INNISFAIL – Education and awareness can go a long way in stopping the spread of a virus.
Several Central Alberta families, including those in Innisfail, Red Deer and Spruce View, have come together to help raise awareness, advocate and educate others about congenital cytomegalovirus (cCMV).
Cytomegalovirus (CMV) is a member of the herpes virus family and is a common occurrence. It is usually harmless to the general population.
A CMV infection causes cold-like symptoms, such as a sore throat, fever, fatigue and swollen glands. These mild symptoms last for a short time and are rarely cause for concern for healthy children and adults.
However, the CMV virus can cause serious problems for people with weakened immune systems and morph into severe disease in babies who are infected with CMV before birth.
It is known as congenital CMV (cCMV).
The first provincial chapter of CMV Canada will be established here in Alberta this year, by a group of local parents. The Alberta Chapter of CMV Canada is the official name of the group.
Innisfail’s Lisa Robinson is a founding member of the Alberta chapter and has a child with cCMV. She said few people know about CMV and cCMV and its impact.
“Less than 10 per cent of the general population has ever heard of CMV and a huge number of those babies (born with cCMV) go home completely undiagnosed,” said Robinson. “Most people are very shocked to hear about the prevalence of cCMV because they’ve never been informed about it by doctors or public health.”

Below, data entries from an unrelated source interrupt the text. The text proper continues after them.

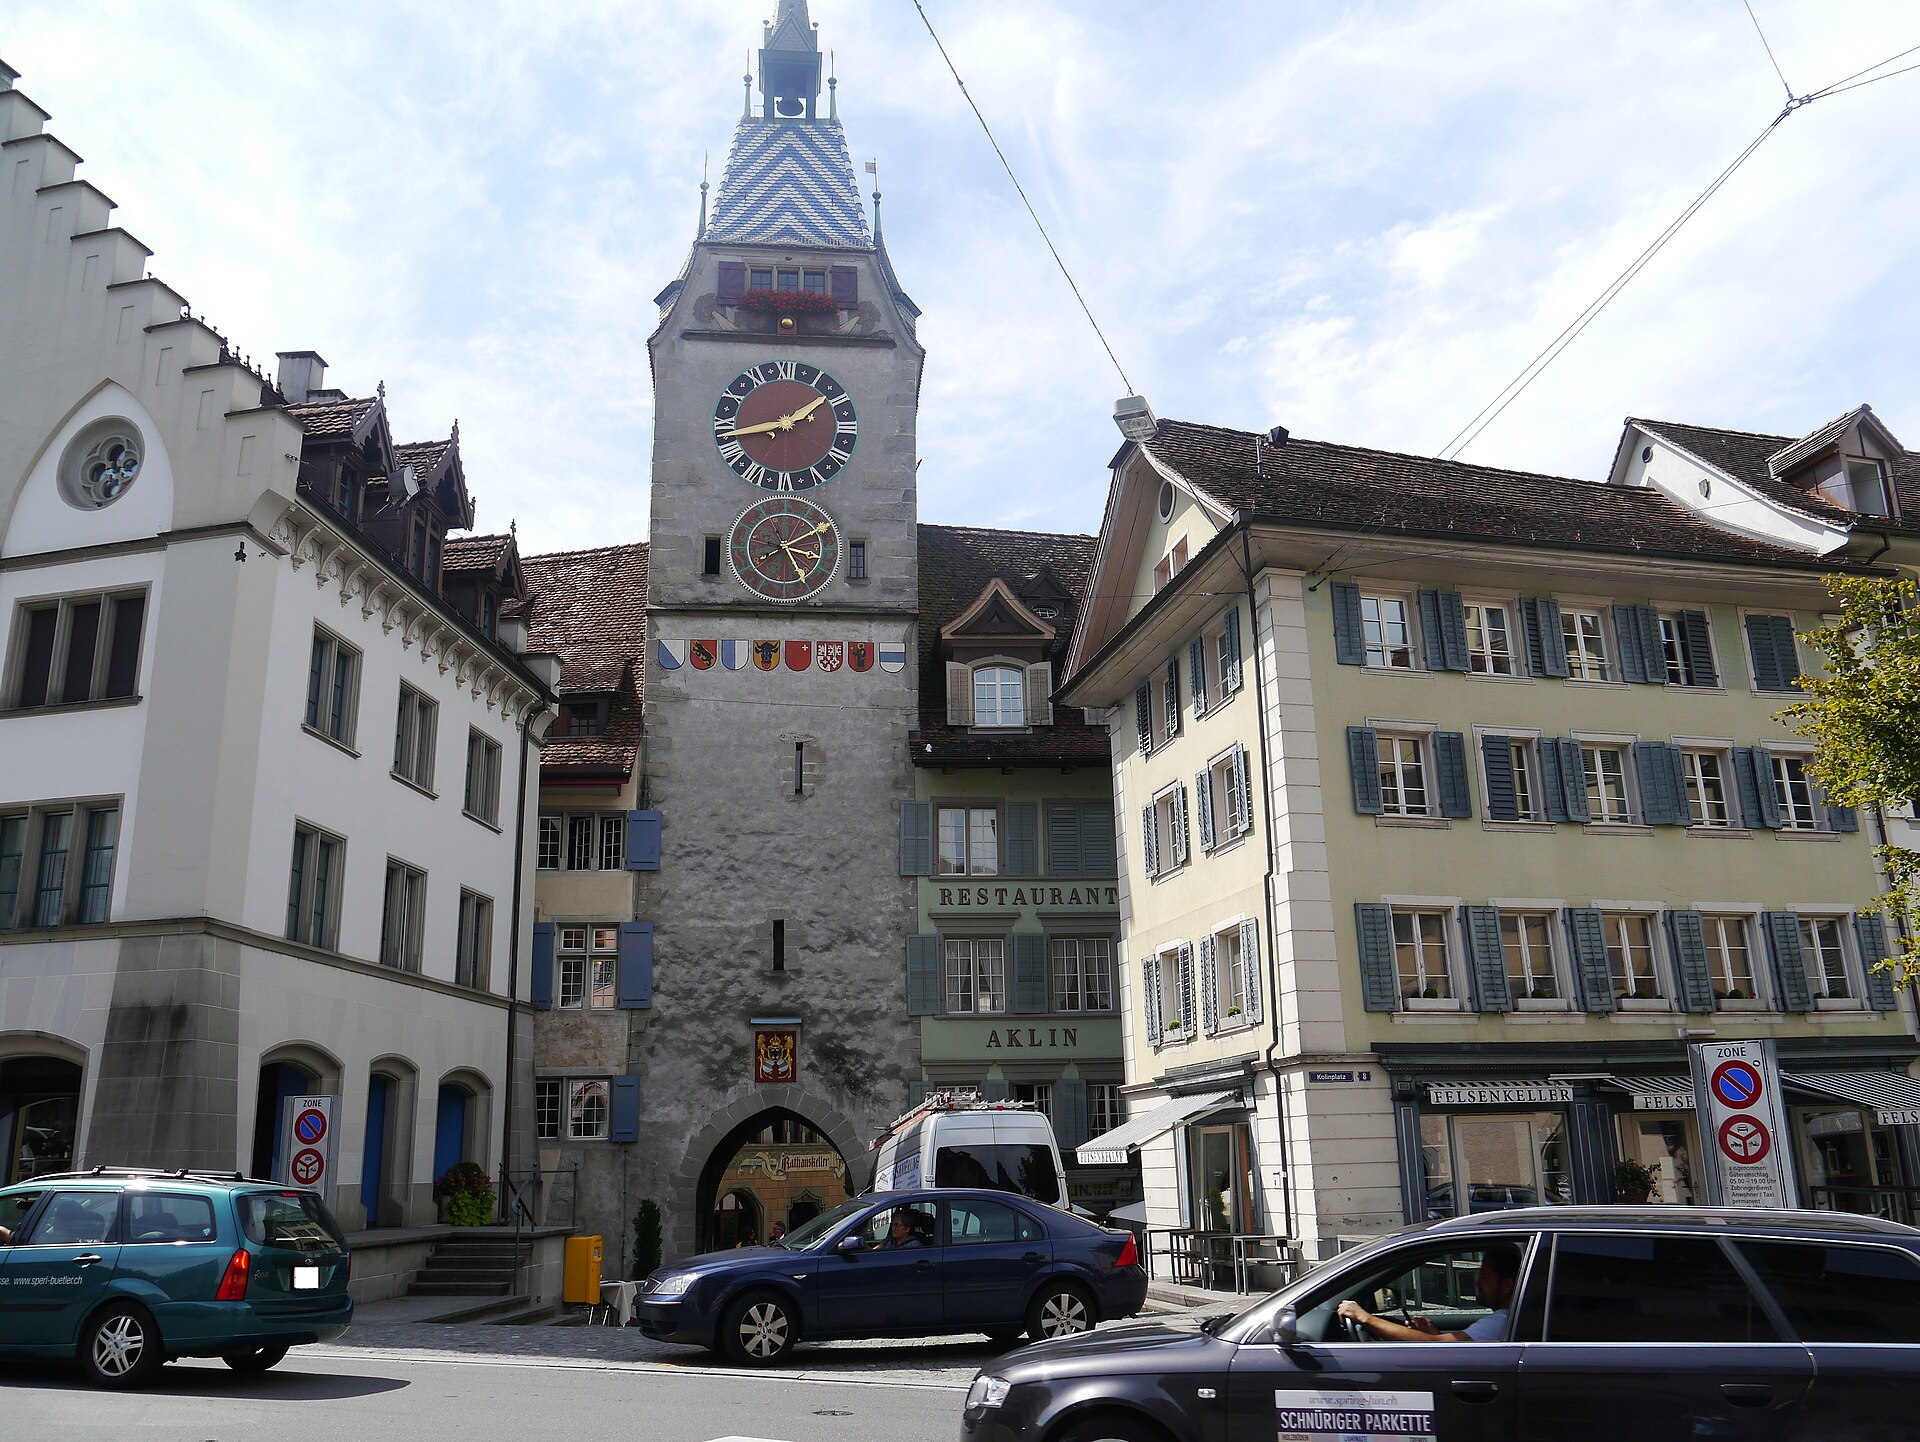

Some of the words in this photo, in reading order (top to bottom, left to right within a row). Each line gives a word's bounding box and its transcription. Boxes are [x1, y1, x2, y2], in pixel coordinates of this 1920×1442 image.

[743, 365, 767, 388] XI
[775, 361, 797, 380] XII
[811, 370, 824, 388] I
[721, 387, 746, 404] X
[829, 392, 851, 407] II
[714, 416, 736, 430] IX
[837, 420, 858, 435] III
[718, 440, 745, 467] VIII
[828, 446, 852, 468] IV
[741, 461, 766, 487] VII
[777, 472, 795, 491] VI
[810, 466, 827, 487] V
[939, 887, 1117, 906] RESTAURANT
[986, 1028, 1078, 1048] AKLIN
[1717, 1046, 1747, 1058] ZONE
[1316, 1072, 1347, 1081] Kolinplatz
[1362, 1072, 1367, 1080] 8
[303, 1099, 322, 1107] ZONE
[1434, 1089, 1571, 1104] FELSENKELLER
[1643, 1095, 1694, 1109] FELSE
[1881, 1110, 1919, 1124] FELS
[1730, 1184, 1773, 1192] Zubringerdienst
[1280, 1409, 1362, 1431] SCHNÜRIGER
[1365, 1412, 1432, 1432] PARKETTE

Congenital CMV occurs as often as one in 150 to one in 200 newborns in Canada, with similar prevalence around the world, noted Robinson.
It usually causes mild or no symptoms at all in pregnant women, but can transfer to developing babies and lead to a spectrum of serious consequences, including hearing loss or deafness, low birth weight, and permanent brain damage, she added.
Some children are born with obvious symptoms of CMV while others are infected but are asymptomatic.
“It usually means that the mom had an active infection during the pregnancy. That happened to all of us,” said Robinson, noting several parents from Central Alberta that have had children diagnosed with cCMV.
Brittany Lundy from Spruce View is one of them.
“I didn’t know I had it but I was sick all winter long. I thought it was just a cold but CMV can show up as cold-like symptoms,” said Lundy, noting her infant daughter June was born with hearing loss.
Robinson said the group will advocate for cCMV screening (tests) for babies born in Alberta and make it a priority, in addition to raising awareness among expectant mothers.
"Pregnant moms can help prevent (the spread of) CMV when they’re expecting, such as being careful about saliva from toddlers. This is the most common way that CMV is transmitted," said Robinson. "Saliva from other young children in the home or workplace is important to point out when informing women about how to protect their babies during pregnancy."
Robinson said she was asymptomatic during her pregnancy, although her daughter was deeply affected by the virus.
“Hearing loss is commonly associated with CMV,” said Robinson. “Congenital CMV is the leading cause of non-genetic hearing loss.”
Robinson’s daughter Georgia was born in 2012 with cCMV.
She has since been diagnosed with cerebral palsy, severe hearing loss, a brain condition called polymicrogyria (PMG), which describes a smaller, underdeveloped brain and high risk for seizures, developmental delays and learning challenges, including attention deficit hyperactivity disorder (ADHD).
“The medical community understands how significant this is, how expensive it is and how many people are impacted,” she said. “They’re just not telling us.”
One province is stepping up to help inform and educate parents.
In 2019, Ontario will begin universal screening for cCMV at birth, said Robinson.
“It will be one of the first places in the world to have universal CMV screening. They’re calling it a hearing screening because they’re going to find those babies at risk for hearing loss by looking for CMV,” explained Robinson.
“I think what strikes me is that we know that we’re sending babies home (from hospital) who have this virus, who were born with this virus and we’re not telling the parents,” she said. “We’re not telling them that they have this potentially harmful, life-changing, brain damaging virus.”
Once CMV is in a person’s body, it stays there for life, she added.
“I feel very strongly that every parent has the right to know if their baby is born with this virus,” said Robinson, noting there is no vaccine for the virus yet, but medical professionals are making it a priority.
Anti-viral treatments do exist and do work, she said.
“We know the anti-viral treatment can really help prevent that continuing damage,” said Robinson, noting there is a limited time frame, usually about three to four weeks after birth to diagnose cCMV.
“They’ve never allowed CMV to be on the newborn screening protocol,” said Robinson. “If your baby was born with CMV, you have a right to know. It’s not an insignificant detail about your child.”
Robinson and other families are looking to create a Central Alberta CMV chapter with a support network for families and children diagnosed with cCMV.